▸ **TASK INSTRUCTIONS**
Restate each line below word for word, skipping every picture.

▸ **RECORDS FOR THIS TASK**
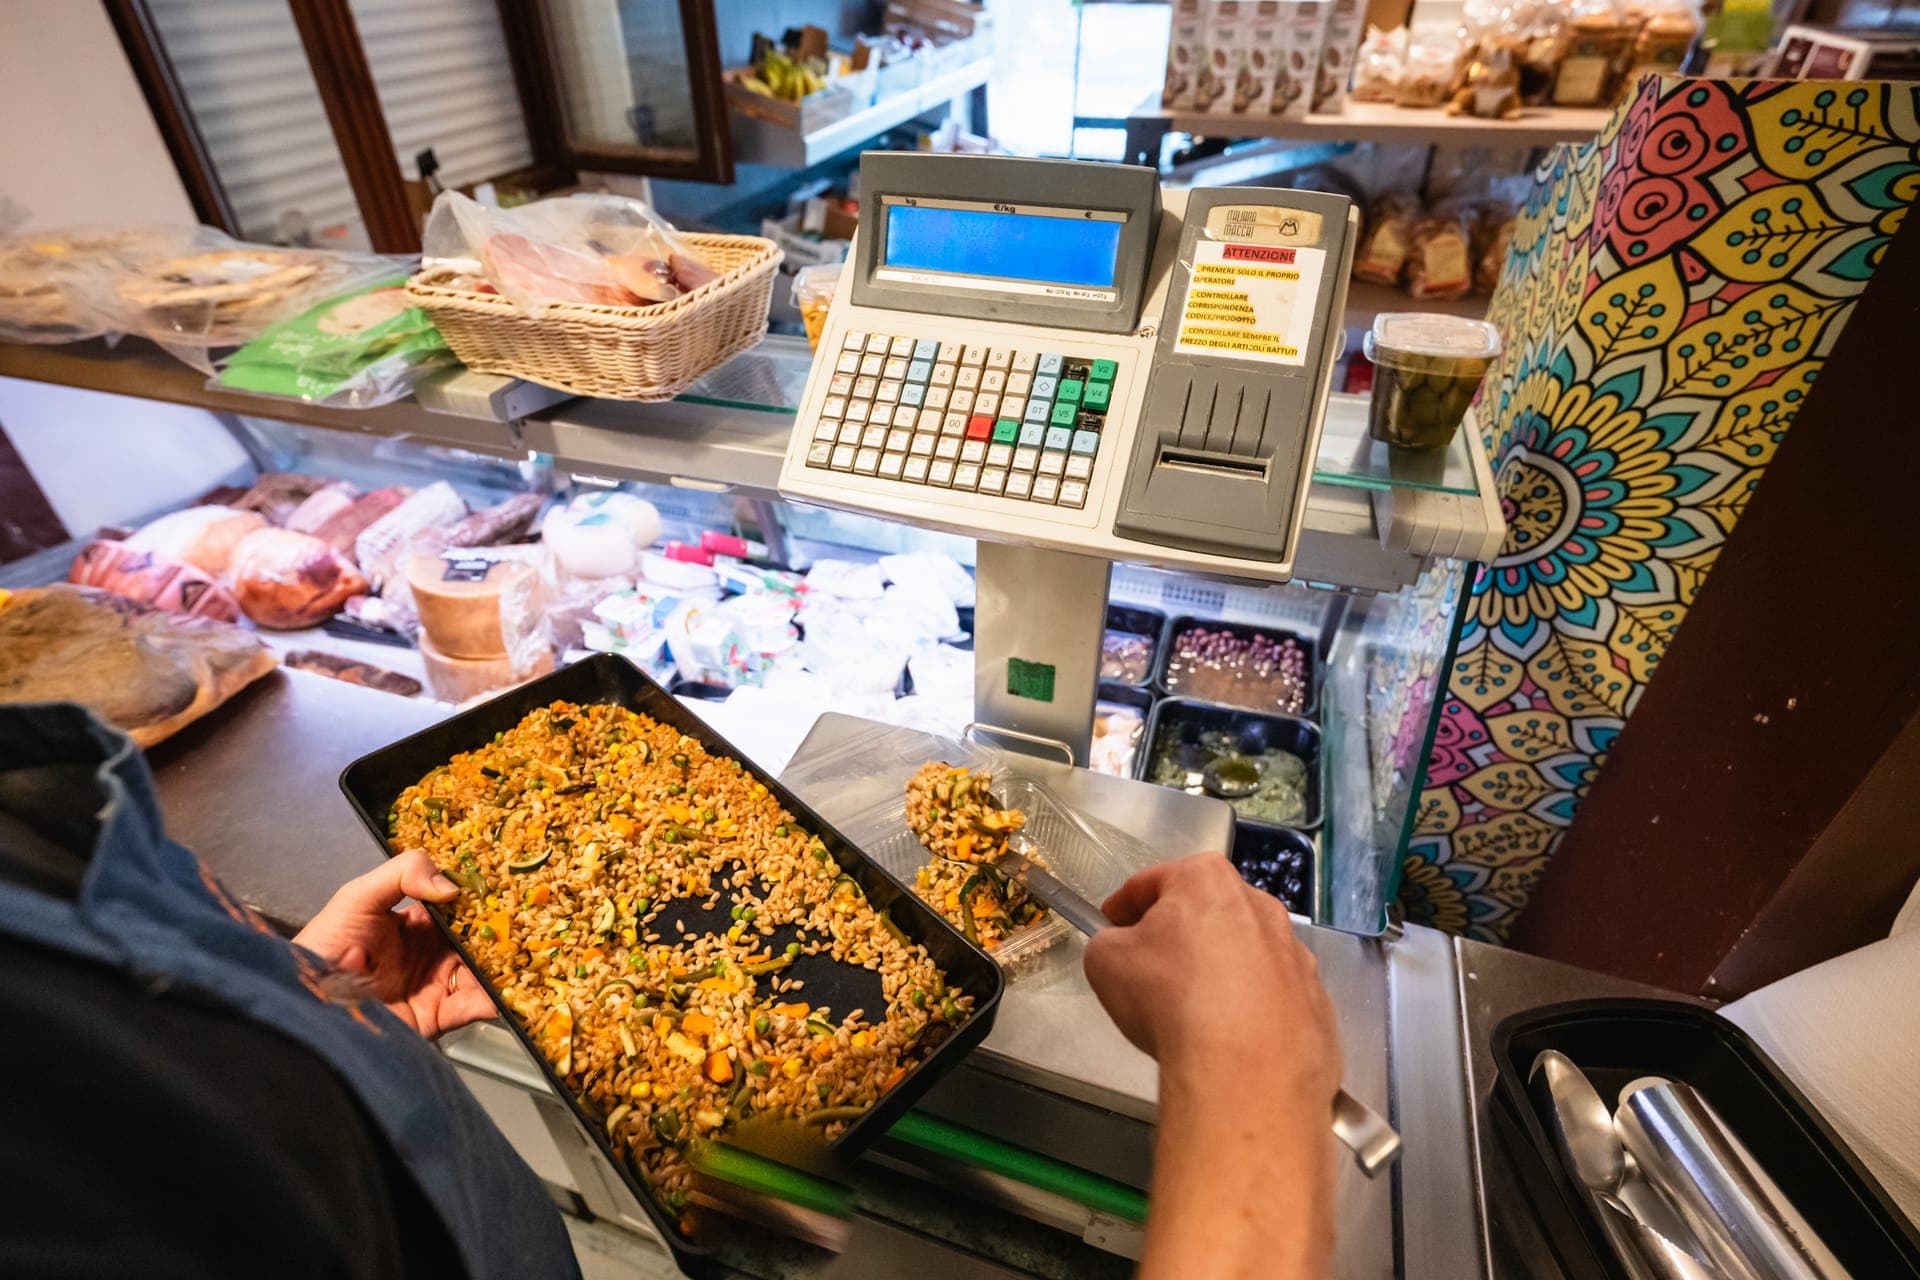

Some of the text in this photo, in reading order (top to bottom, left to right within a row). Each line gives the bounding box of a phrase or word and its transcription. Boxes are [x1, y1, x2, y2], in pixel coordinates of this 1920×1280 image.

[905, 197, 1092, 219] kg €/kg €
[1226, 209, 1257, 223] ITALIANA
[1223, 224, 1255, 238] MACCHI
[1223, 247, 1297, 262] ATTENZIONE
[1201, 265, 1300, 280] PREMERE SOLO IL PROPRIO
[1196, 291, 1249, 301] CONTROLLARE
[1187, 301, 1254, 313] CORRISPONDENZA
[1185, 312, 1256, 325] CODICE/PRODOTTO
[1188, 327, 1240, 338] CONTROLLARE
[1242, 331, 1272, 342] SEMPRE
[946, 347, 953, 355] 7
[1180, 337, 1208, 346] PREZZO
[1209, 340, 1230, 348] DEGLI
[1266, 346, 1298, 356] BATTUTI
[971, 350, 978, 358] 8
[996, 353, 1002, 361] 9
[940, 369, 946, 377] 4
[1097, 364, 1109, 374] V2
[964, 373, 971, 381] 5
[989, 376, 996, 384] 6
[1091, 388, 1103, 397] V4
[983, 399, 990, 407] 3
[1031, 406, 1044, 414] ST
[1058, 409, 1070, 418] V5
[948, 419, 960, 428] 00
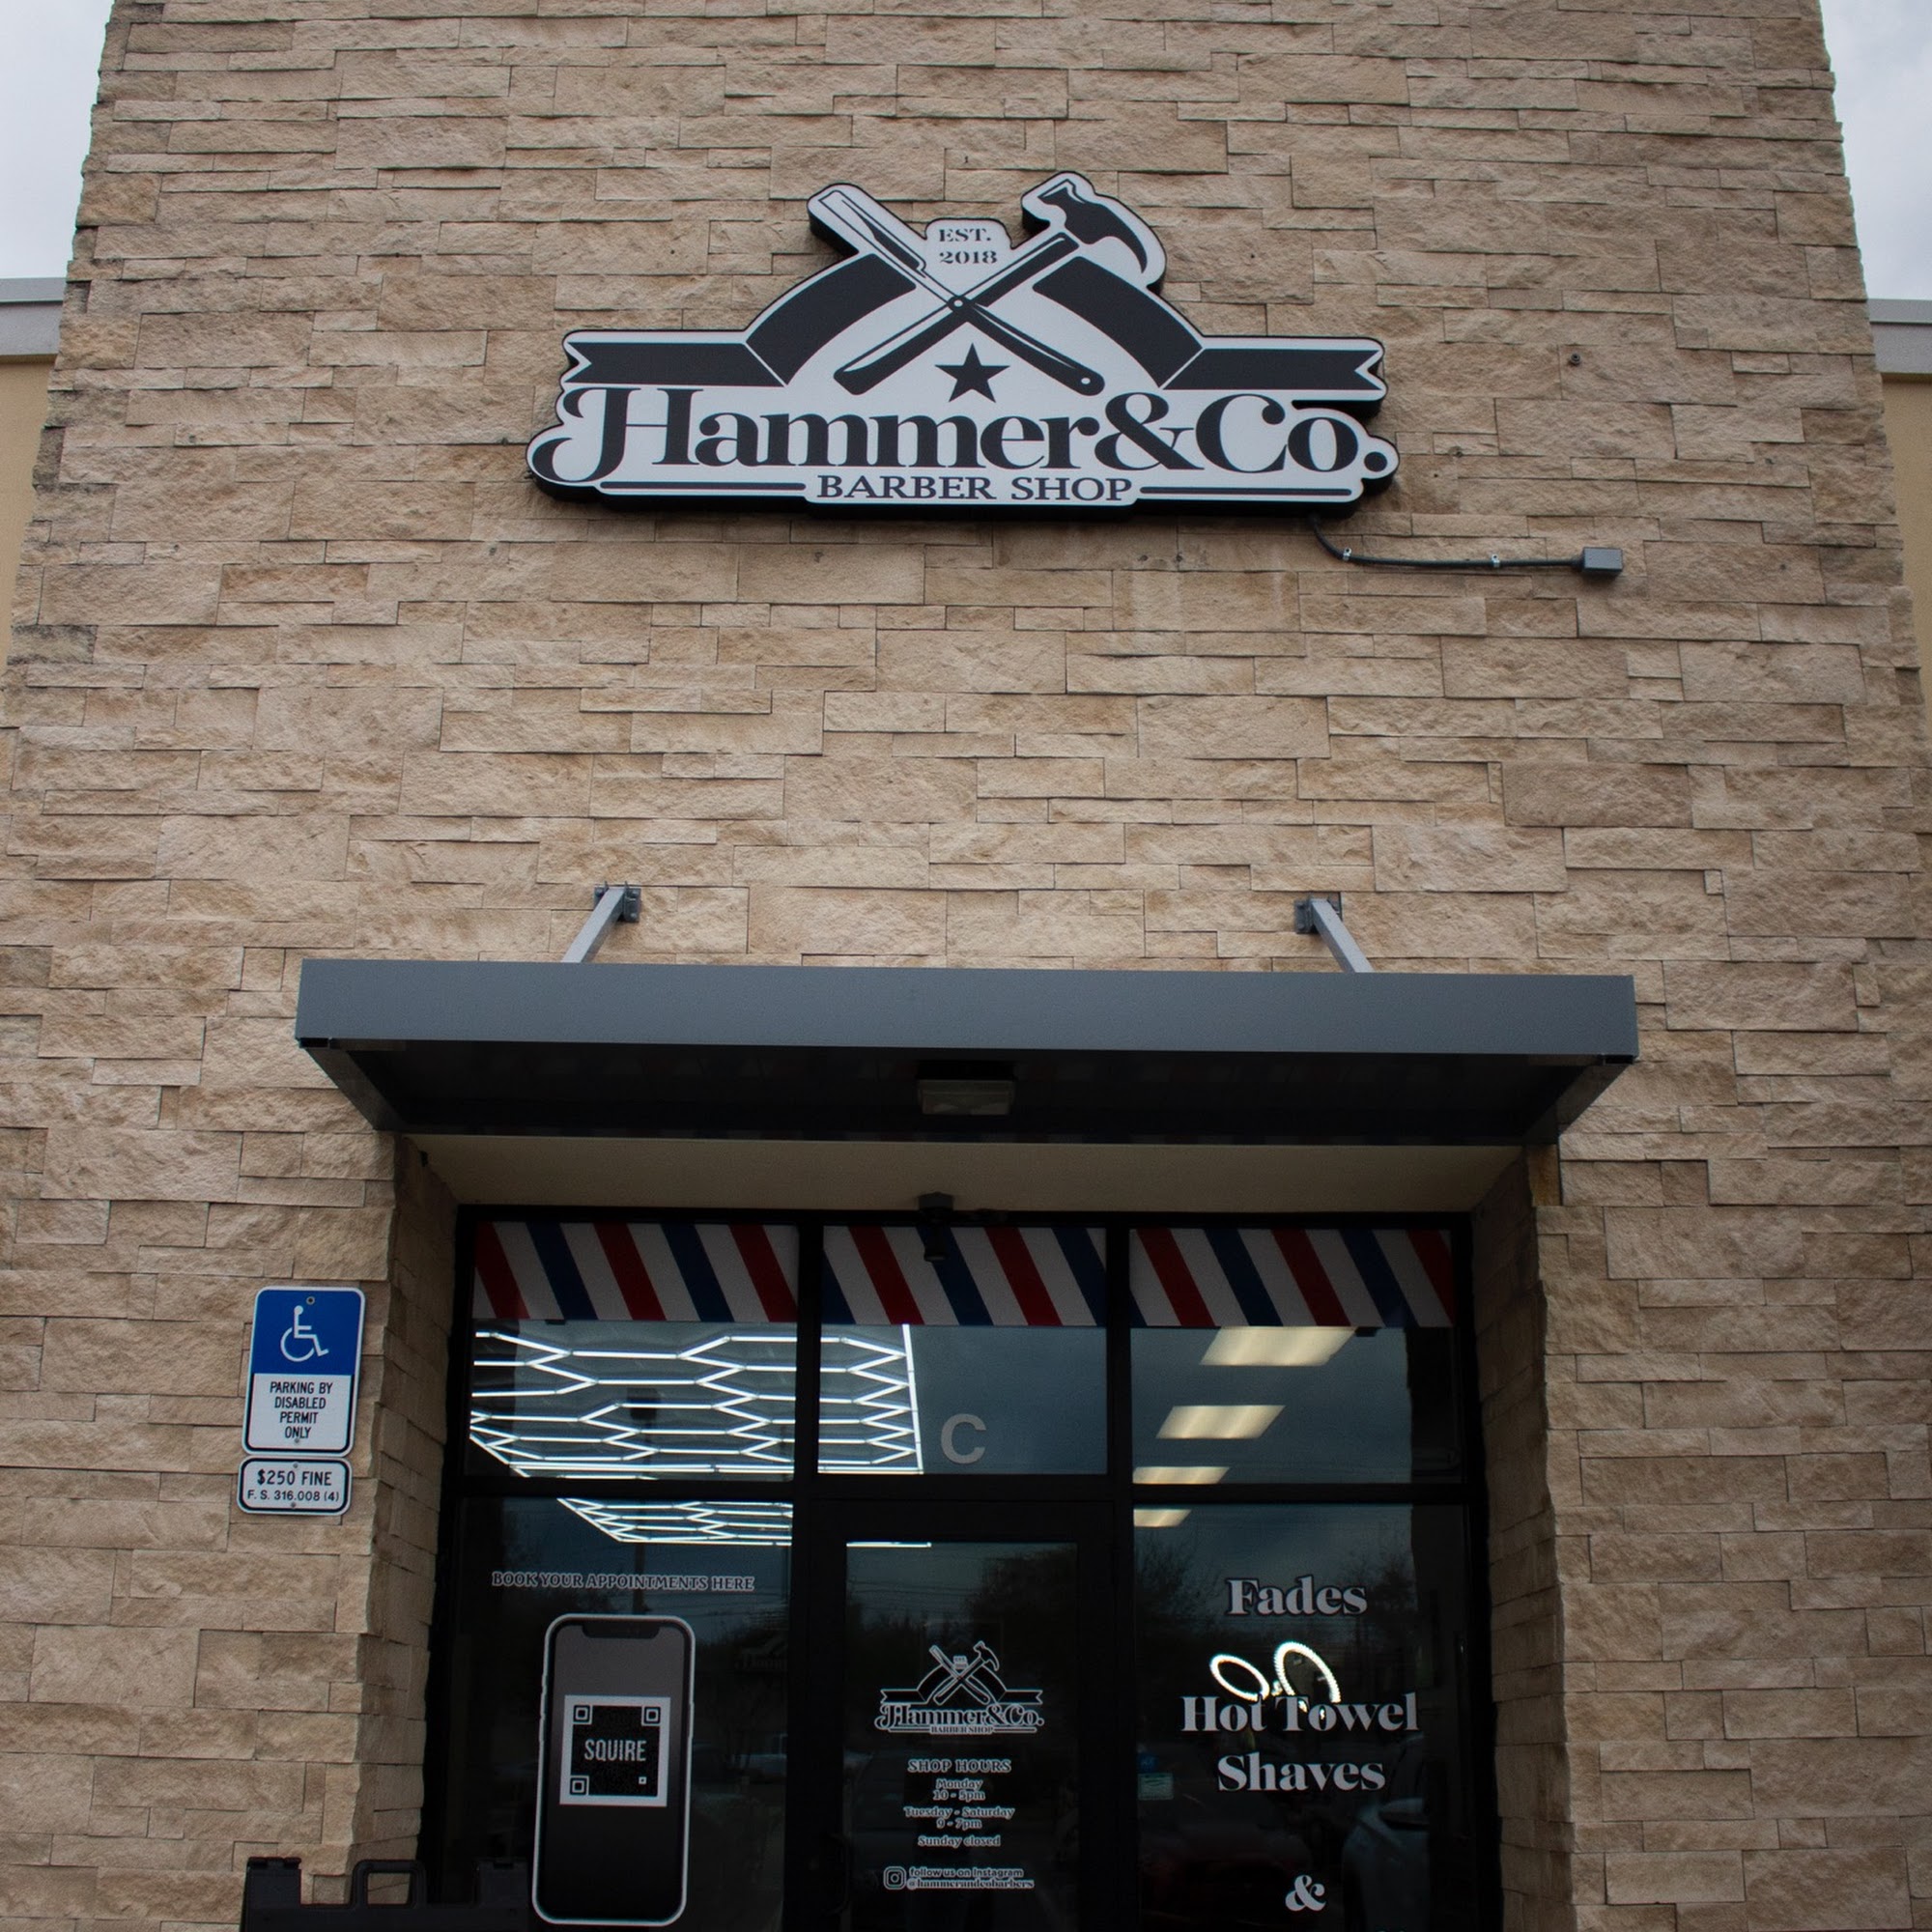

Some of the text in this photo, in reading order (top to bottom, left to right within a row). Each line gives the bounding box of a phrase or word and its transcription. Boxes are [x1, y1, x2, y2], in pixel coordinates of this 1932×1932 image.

[939, 228, 992, 242] EST.
[939, 250, 997, 265] 2018
[531, 386, 1389, 482] Hammer&Co.
[817, 474, 1134, 502] BARBER SHOP
[270, 1381, 333, 1395] PARKING BY
[274, 1396, 327, 1409] DISABLED
[279, 1411, 319, 1424] PERMIT
[284, 1426, 312, 1439] ONLY
[940, 1413, 987, 1464] C
[257, 1468, 333, 1487] $250 FINE
[273, 1490, 321, 1501] 316.008
[324, 1491, 340, 1502] (4)
[492, 1572, 755, 1592] BOOK YOUR APPOINTMENTS HERE
[1227, 1575, 1368, 1615] Fades
[1180, 1691, 1420, 1732] Hot Towel
[930, 1724, 994, 1735] BARBER SHOP
[583, 1739, 647, 1762] SQUIRE
[907, 1758, 1012, 1774] SHOP HOURS
[1217, 1751, 1386, 1792] Shaves
[935, 1777, 983, 1790] Monday
[932, 1789, 949, 1801] 10
[958, 1789, 986, 1803] 5pm
[903, 1805, 952, 1820] Tuesday
[961, 1805, 1016, 1820] Saturday
[936, 1818, 946, 1830] 9
[954, 1818, 982, 1831] 7pm
[918, 1834, 1002, 1848] Sunday closed
[909, 1866, 1024, 1879] follow us on Instagram
[1284, 1874, 1326, 1913] &
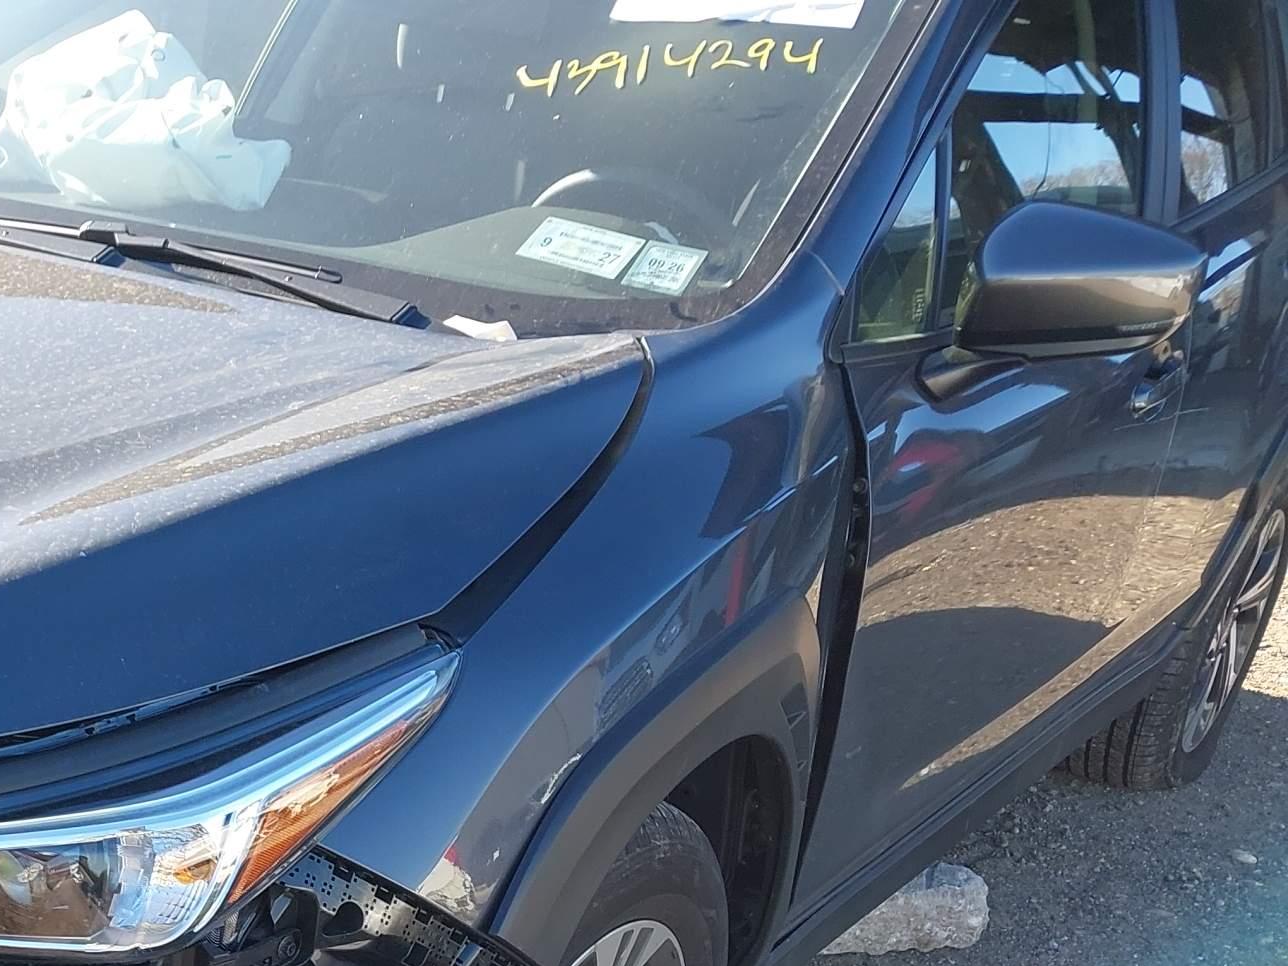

▸ **SOLUTION TO THE PROBLEM**
Some of the text in this photo, in reading order (top to bottom, left to right within a row). Each line gives the bounding box of a phrase or word and its transcription. Boxes are [x1, y1, x2, y2], in pixel coordinates of this 1920×1280 image.

[905, 197, 1092, 219] kg €/kg €
[1226, 209, 1257, 223] ITALIANA
[1223, 224, 1255, 238] MACCHI
[1223, 247, 1297, 262] ATTENZIONE
[1201, 265, 1300, 280] PREMERE SOLO IL PROPRIO
[1196, 291, 1249, 301] CONTROLLARE
[1187, 301, 1254, 313] CORRISPONDENZA
[1185, 312, 1256, 325] CODICE/PRODOTTO
[1188, 327, 1240, 338] CONTROLLARE
[1242, 331, 1272, 342] SEMPRE
[946, 347, 953, 355] 7
[1180, 337, 1208, 346] PREZZO
[1209, 340, 1230, 348] DEGLI
[1266, 346, 1298, 356] BATTUTI
[971, 350, 978, 358] 8
[996, 353, 1002, 361] 9
[940, 369, 946, 377] 4
[1097, 364, 1109, 374] V2
[964, 373, 971, 381] 5
[989, 376, 996, 384] 6
[1091, 388, 1103, 397] V4
[983, 399, 990, 407] 3
[1031, 406, 1044, 414] ST
[1058, 409, 1070, 418] V5
[948, 419, 960, 428] 00

Some of the text in this photo, in reading order (top to bottom, left to right within a row). Each line gives the bounding box of a phrase or word and its transcription. Boxes are [x1, y1, x2, y2], in pixel coordinates of this 1932×1932 image.

[939, 228, 992, 242] EST.
[939, 250, 997, 265] 2018
[531, 386, 1389, 482] Hammer&Co.
[817, 474, 1134, 502] BARBER SHOP
[270, 1381, 333, 1395] PARKING BY
[274, 1396, 327, 1409] DISABLED
[279, 1411, 319, 1424] PERMIT
[284, 1426, 312, 1439] ONLY
[940, 1413, 987, 1464] C
[257, 1468, 333, 1487] $250 FINE
[273, 1490, 321, 1501] 316.008
[324, 1491, 340, 1502] (4)
[492, 1572, 755, 1592] BOOK YOUR APPOINTMENTS HERE
[1227, 1575, 1368, 1615] Fades
[1180, 1691, 1420, 1732] Hot Towel
[930, 1724, 994, 1735] BARBER SHOP
[583, 1739, 647, 1762] SQUIRE
[907, 1758, 1012, 1774] SHOP HOURS
[1217, 1751, 1386, 1792] Shaves
[935, 1777, 983, 1790] Monday
[932, 1789, 949, 1801] 10
[958, 1789, 986, 1803] 5pm
[903, 1805, 952, 1820] Tuesday
[961, 1805, 1016, 1820] Saturday
[936, 1818, 946, 1830] 9
[954, 1818, 982, 1831] 7pm
[918, 1834, 1002, 1848] Sunday closed
[909, 1866, 1024, 1879] follow us on Instagram
[1284, 1874, 1326, 1913] &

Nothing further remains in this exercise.